The problem —
Nothing is to be left out; print all the entries exactly.

Input —

________

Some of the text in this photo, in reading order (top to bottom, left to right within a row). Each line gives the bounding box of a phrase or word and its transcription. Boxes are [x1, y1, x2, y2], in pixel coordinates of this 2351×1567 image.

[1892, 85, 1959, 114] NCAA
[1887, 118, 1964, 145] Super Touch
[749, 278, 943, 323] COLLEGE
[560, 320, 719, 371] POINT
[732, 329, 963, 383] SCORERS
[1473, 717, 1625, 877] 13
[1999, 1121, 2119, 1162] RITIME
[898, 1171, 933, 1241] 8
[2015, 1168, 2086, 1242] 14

________

Task response —
Some of the text in this photo, in reading order (top to bottom, left to right within a row). Each line gives the bounding box of a phrase or word and its transcription. Boxes are [x1, y1, x2, y2], in pixel coordinates of this 2351×1567 image.

[1892, 85, 1959, 114] NCAA
[1887, 118, 1964, 145] Super Touch
[749, 278, 943, 323] COLLEGE
[560, 320, 719, 371] POINT
[732, 329, 963, 383] SCORERS
[1473, 717, 1625, 877] 13
[1999, 1121, 2119, 1162] RITIME
[898, 1171, 933, 1241] 8
[2015, 1168, 2086, 1242] 14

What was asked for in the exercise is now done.